Text-to-region grounding data:
>>>>

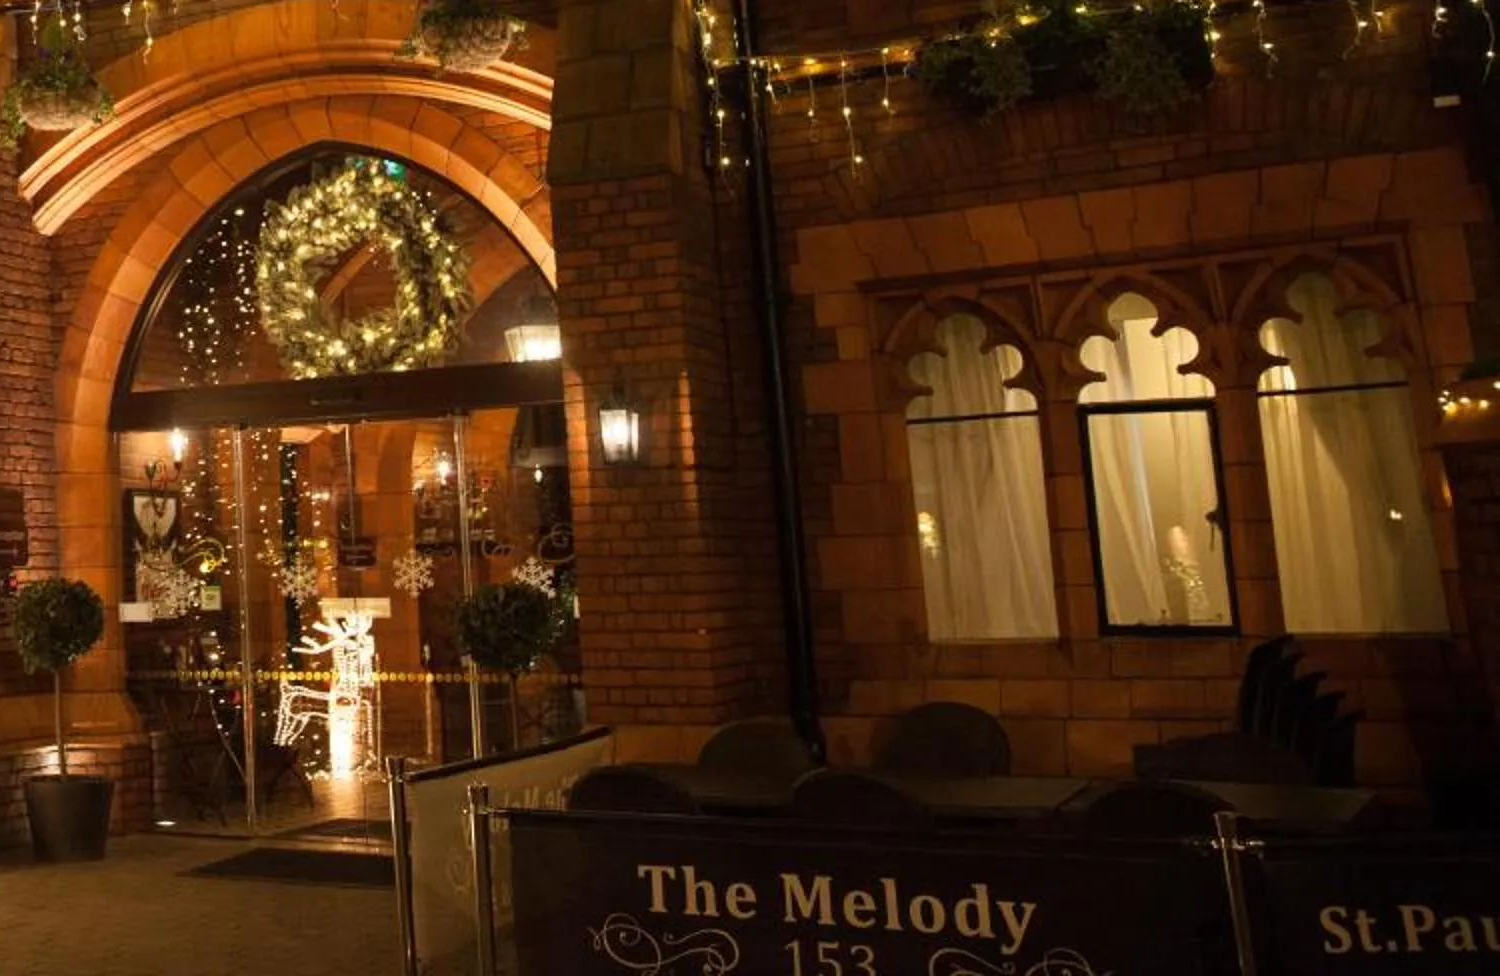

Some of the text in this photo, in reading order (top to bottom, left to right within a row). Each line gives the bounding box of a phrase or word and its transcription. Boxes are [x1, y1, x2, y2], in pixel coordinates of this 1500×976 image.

[636, 863, 1038, 956] The Melody
[783, 938, 878, 976] 153
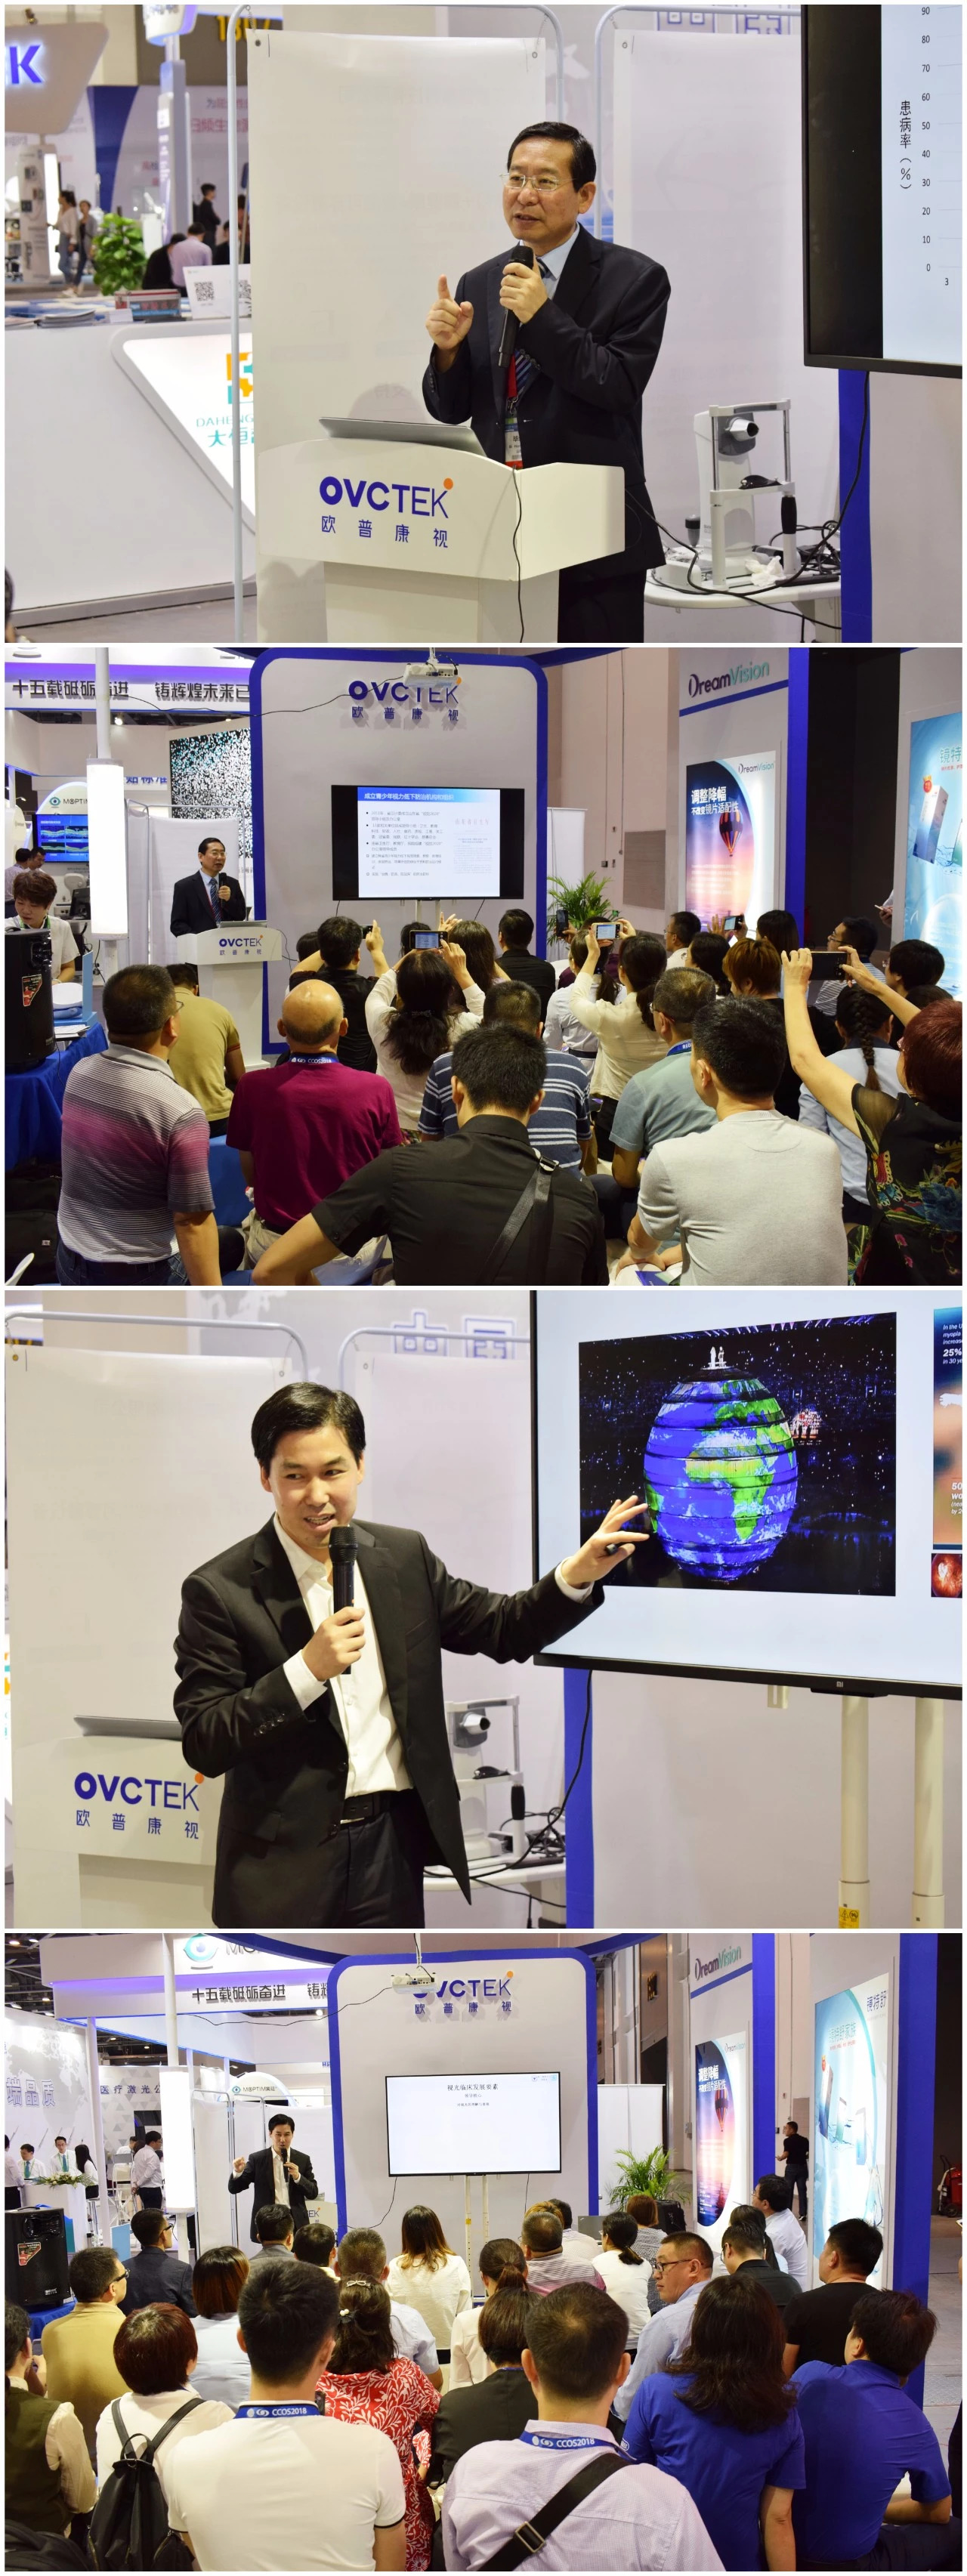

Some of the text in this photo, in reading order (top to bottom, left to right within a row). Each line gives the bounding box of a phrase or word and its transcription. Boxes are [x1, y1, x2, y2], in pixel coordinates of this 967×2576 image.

[922, 7, 930, 15] 90
[922, 122, 930, 130] 50
[922, 207, 930, 215] 20
[208, 427, 254, 448] 大恒
[320, 476, 450, 519] OVCTEK
[321, 514, 448, 548] 欧普康视
[12, 678, 129, 697] 十五载砥砺进
[688, 661, 770, 698] DreamVision
[348, 679, 459, 704] OVCTEK
[351, 706, 459, 721] 欧普康视
[738, 762, 774, 774] DreamVision
[690, 786, 727, 805] 调整降幅
[219, 937, 262, 947] OVCTEK
[943, 1348, 962, 1357] 25%
[74, 1771, 200, 1812] OVCTEK
[76, 1809, 199, 1839] 欧普康视
[695, 1945, 742, 1981] DreamVision
[192, 1984, 286, 2001] 十五载砥砺奋进
[412, 1978, 511, 1999] VCTEK
[415, 2000, 511, 2015] 欧普康视
[272, 2408, 307, 2417] CCOS2018
[556, 2438, 595, 2448] CCOS2018
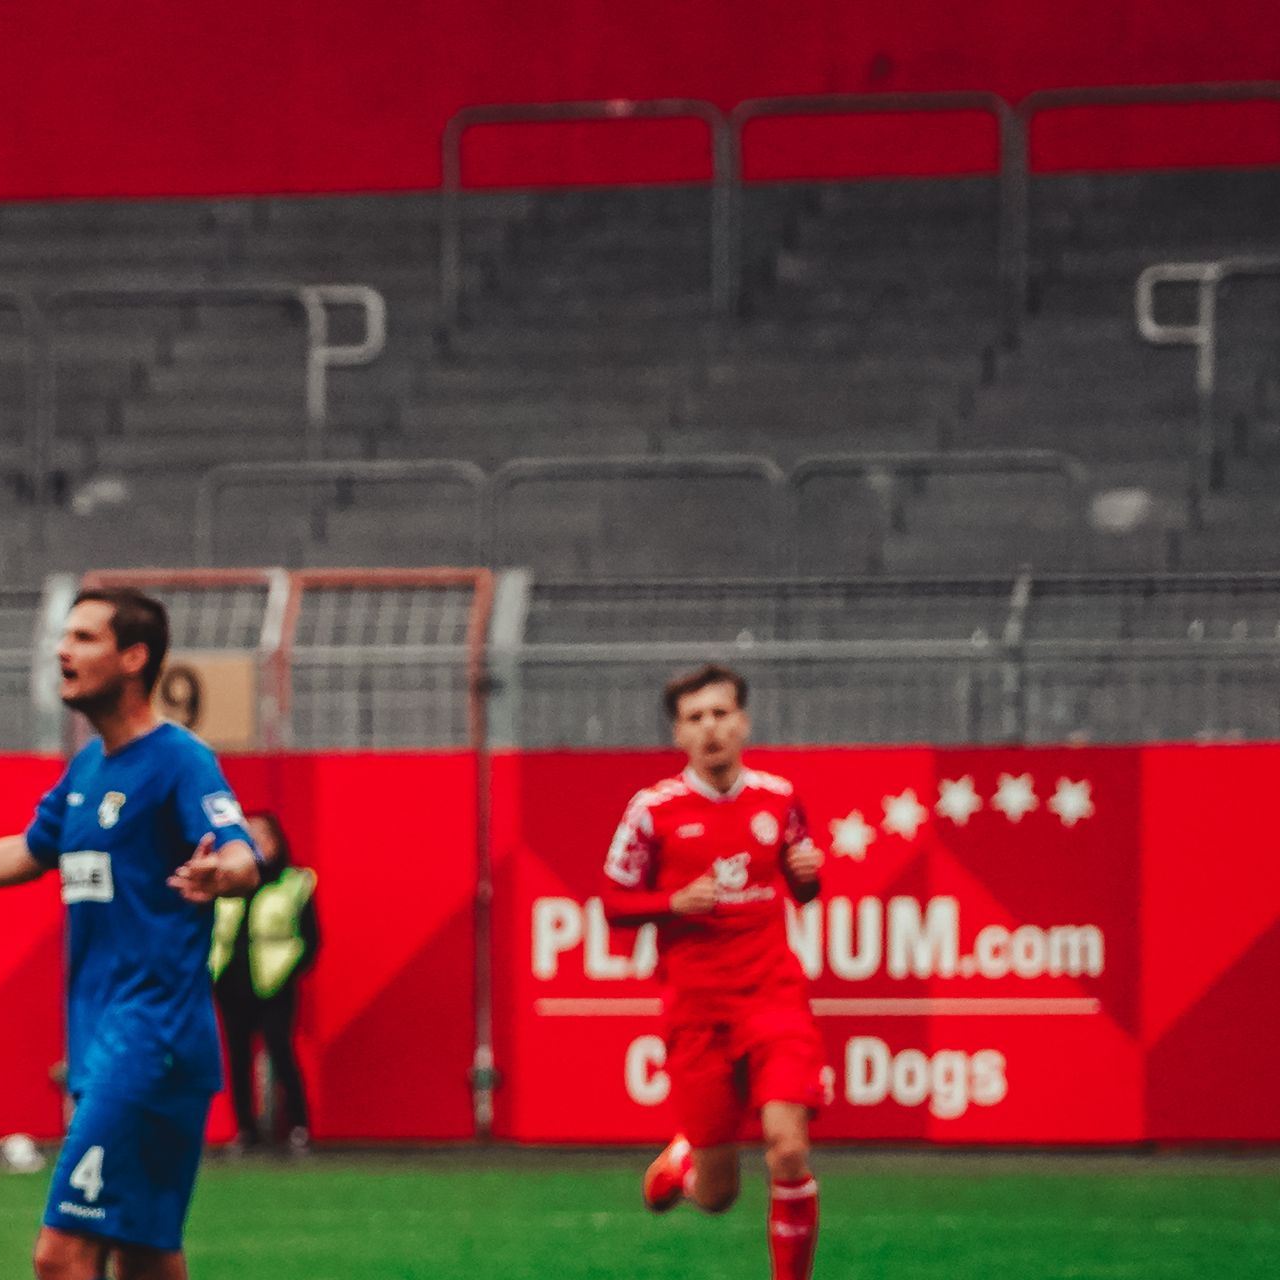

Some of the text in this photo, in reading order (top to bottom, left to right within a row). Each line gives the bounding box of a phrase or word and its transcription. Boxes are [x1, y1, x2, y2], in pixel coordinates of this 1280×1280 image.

<<<<

What you are asked to do:
Give every entry again word for word; no images belong in the copy.

Exercise answer:
Some of the text in this photo, in reading order (top to bottom, left to right within a row). Each line gives the bounding box of a phrase or word and its transcription. Boxes are [x1, y1, x2, y2], in pixel coordinates of this 1500×976 image.

[636, 863, 1038, 956] The Melody
[783, 938, 878, 976] 153

Some of the text in this photo, in reading order (top to bottom, left to right within a row). Each line gives the bounding box of a phrase or word and its transcription. Boxes are [x1, y1, x2, y2], in pixel coordinates of this 967×2576 image.

[922, 7, 930, 15] 90
[922, 122, 930, 130] 50
[922, 207, 930, 215] 20
[208, 427, 254, 448] 大恒
[320, 476, 450, 519] OVCTEK
[321, 514, 448, 548] 欧普康视
[12, 678, 129, 697] 十五载砥砺进
[688, 661, 770, 698] DreamVision
[348, 679, 459, 704] OVCTEK
[351, 706, 459, 721] 欧普康视
[738, 762, 774, 774] DreamVision
[690, 786, 727, 805] 调整降幅
[219, 937, 262, 947] OVCTEK
[943, 1348, 962, 1357] 25%
[74, 1771, 200, 1812] OVCTEK
[76, 1809, 199, 1839] 欧普康视
[695, 1945, 742, 1981] DreamVision
[192, 1984, 286, 2001] 十五载砥砺奋进
[412, 1978, 511, 1999] VCTEK
[415, 2000, 511, 2015] 欧普康视
[272, 2408, 307, 2417] CCOS2018
[556, 2438, 595, 2448] CCOS2018

Some of the text in this photo, in reading order (top to bottom, left to right within a row). Each line gives the bounding box of a phrase or word and its transcription. Boxes are [x1, y1, x2, y2], in pixel coordinates of this 1280×1280 image.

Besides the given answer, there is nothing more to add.